Un altro dei temi emersi è senza dubbio quello della centralità della casa, messa a dura prova da un lungo periodo di convivenza forzata. Come dovranno essere le case del futuro in termini di ambienti, spazi, materiali e tecnologie utilizzate?
L’esperienza che il mondo sta facendo in questo momento crediamo che agirà da acceleratore di una serie di mutamenti che già stavano avvenendo nella casa e negli ufficio. La casa dovrà sempre di più accogliere la possibilità di poter lavorare e studiare, e forse riscoprirà l’esigenza di isolamento tra gli spazi. Sicuramente ancora più di prima, si andrà verso soluzioni di grande flessibilità, con spazi in grado di mutare nel corso del tempo e della giornata.

©Andrea Martiradonna

L’eccessiva diffusione del digitale mal si concilia con l’architettura che è un’esperienza concreta, fisica. Avremo ancora bisogno di spazi costruiti? Com’è possibile conciliare questi due aspetti?

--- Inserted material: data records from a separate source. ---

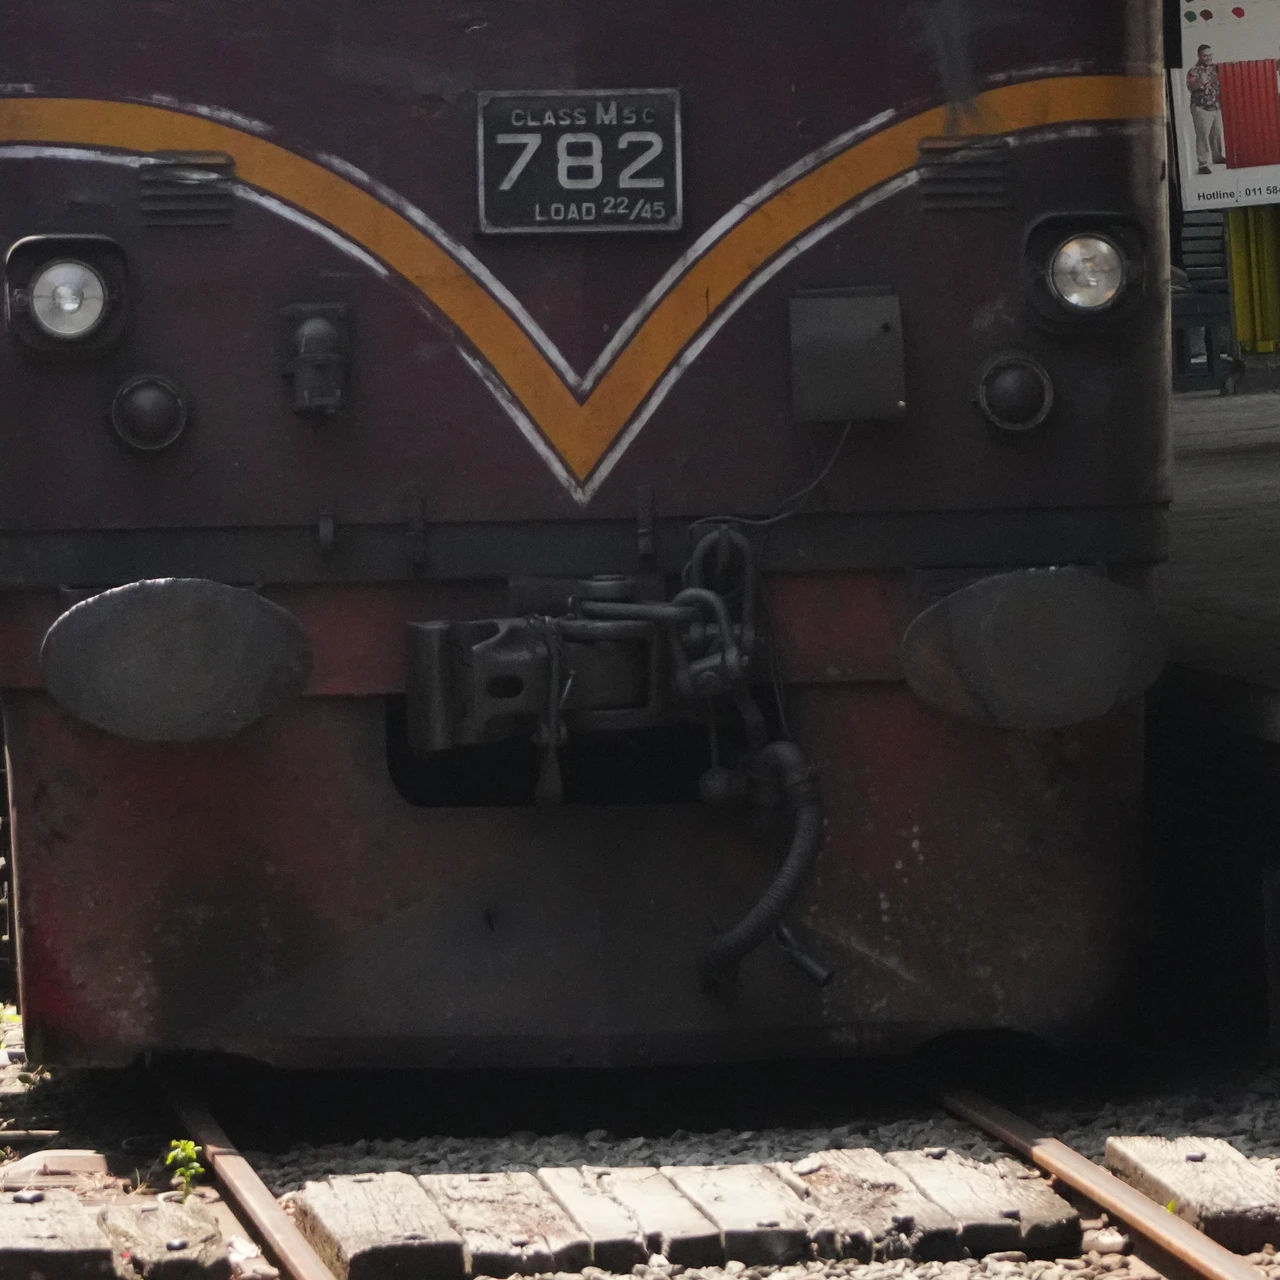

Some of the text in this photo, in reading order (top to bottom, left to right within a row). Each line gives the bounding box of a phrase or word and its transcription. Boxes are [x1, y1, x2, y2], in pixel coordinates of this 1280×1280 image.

[511, 108, 587, 126] CLASS
[496, 131, 665, 191] 782
[1197, 191, 1235, 201] Hotline
[1245, 187, 1263, 197] 011
[535, 196, 666, 221] LOAD 22/45

A noi sembra che proprio questi mesi ci abbiano fatto capire ancora di più quanto per noi sia vitale il valore della socialità e delle esperienze concrete e fisiche. Il digitale ci ha aiutato tantissimo in questo periodo, ma in fondo l’abbiamo usato come surrogato di qualcosa che non potevamo più avere. Usciremo da questa prova con ancora più voglia di concretezza e fisicità. Il digitale potrà aiutarci a vivere meglio la città, a metterci sempre più nella condizione di scegliere come viverla e non subirla. Quello che speriamo è che si formi, anche grazie a questa esperienza, una sempre maggiore consapevolezza del valore degli spazi urbani e un apprezzamento della qualità dei luoghi dell’abitare e del lavoro.